RECORDS PROVIDED START
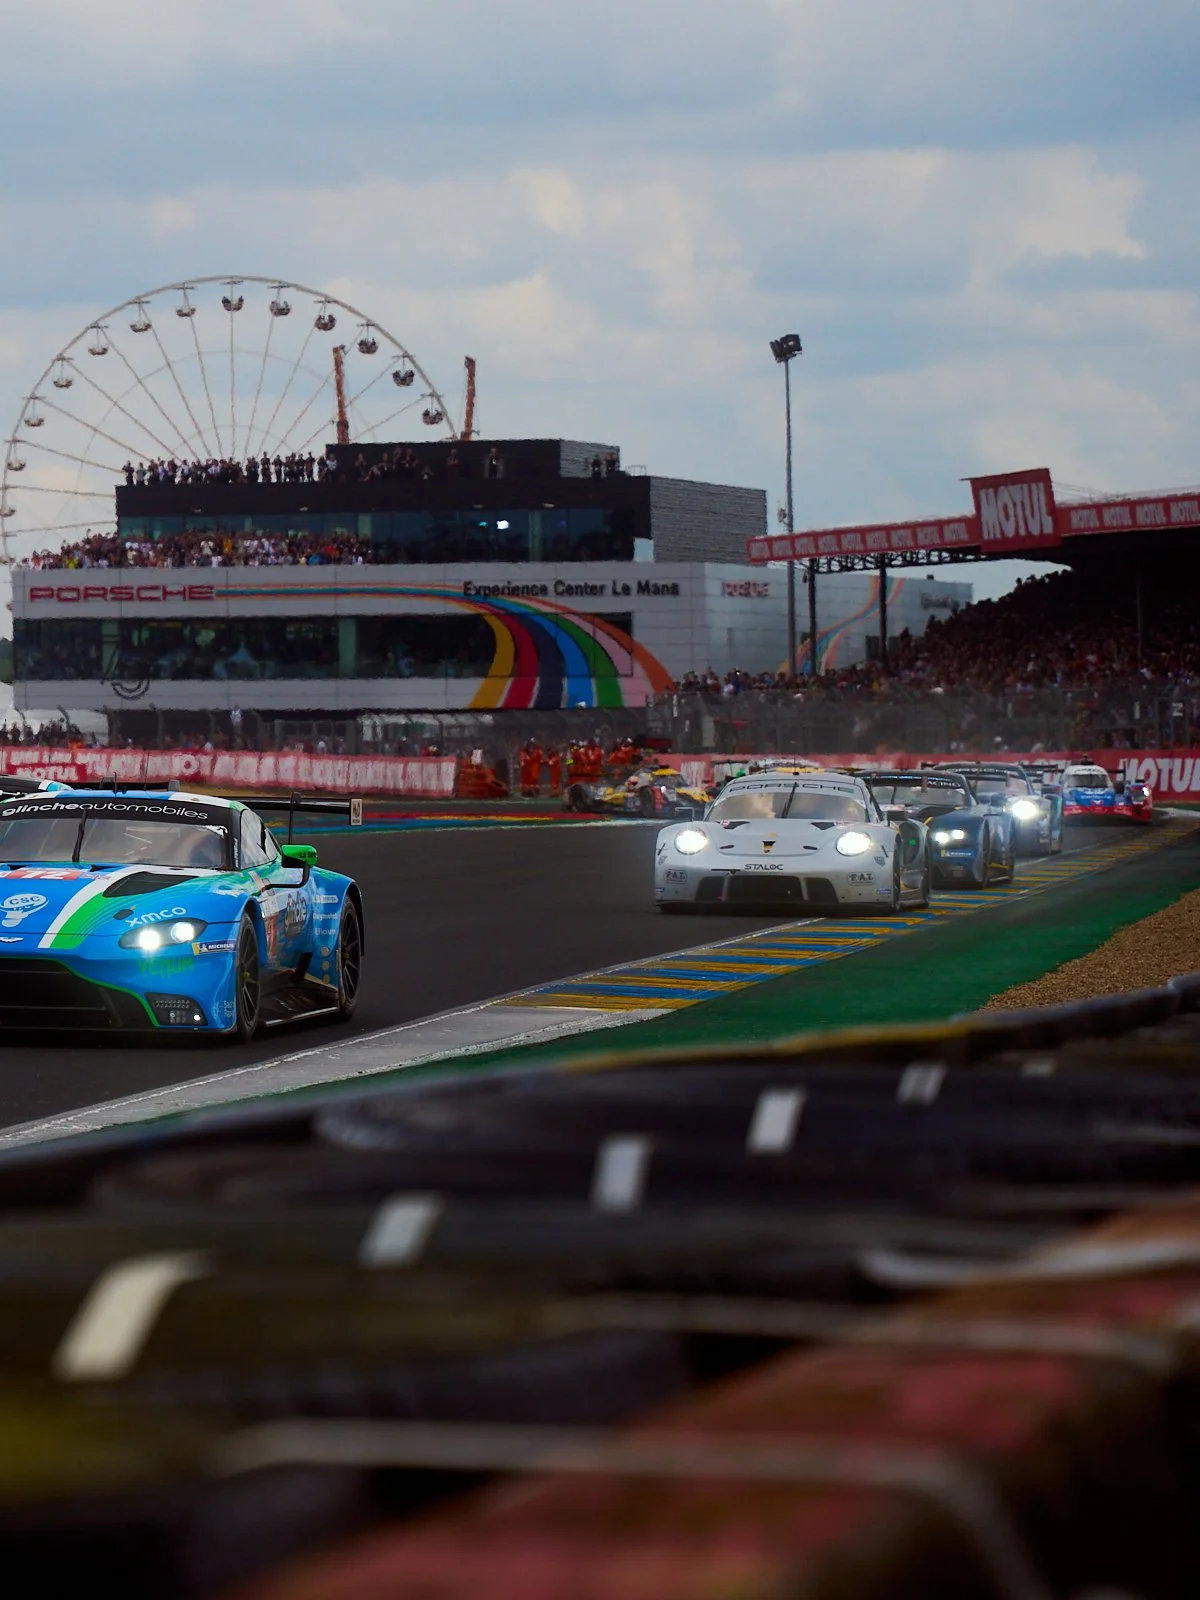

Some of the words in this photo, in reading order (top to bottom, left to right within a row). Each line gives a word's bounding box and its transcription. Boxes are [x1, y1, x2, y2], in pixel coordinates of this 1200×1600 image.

[979, 481, 1054, 540] MOTUL
[1136, 502, 1167, 525] MOTUL
[29, 585, 215, 602] PORSCHE
[463, 580, 548, 598] Experience
[554, 580, 605, 596] Center
[612, 580, 631, 596] Le
[637, 580, 680, 596] Mans
[728, 783, 855, 793] PORSCHE
[744, 863, 784, 871] STALOC
[8, 895, 41, 905] CSC
[124, 906, 187, 928] xmco
[208, 942, 235, 950] MICHELIN
RECORDS PROVIDED END
▶ _REQUIRED ACTION_: Retype all the data exactly. Omit pictures.

▶ _PROBLEM SOLUTION_:
Some of the words in this photo, in reading order (top to bottom, left to right within a row). Each line gives a word's bounding box and its transcription. Boxes are [x1, y1, x2, y2], in pixel coordinates of this 1200×1600 image.

[979, 481, 1054, 540] MOTUL
[1136, 502, 1167, 525] MOTUL
[29, 585, 215, 602] PORSCHE
[463, 580, 548, 598] Experience
[554, 580, 605, 596] Center
[612, 580, 631, 596] Le
[637, 580, 680, 596] Mans
[728, 783, 855, 793] PORSCHE
[744, 863, 784, 871] STALOC
[8, 895, 41, 905] CSC
[124, 906, 187, 928] xmco
[208, 942, 235, 950] MICHELIN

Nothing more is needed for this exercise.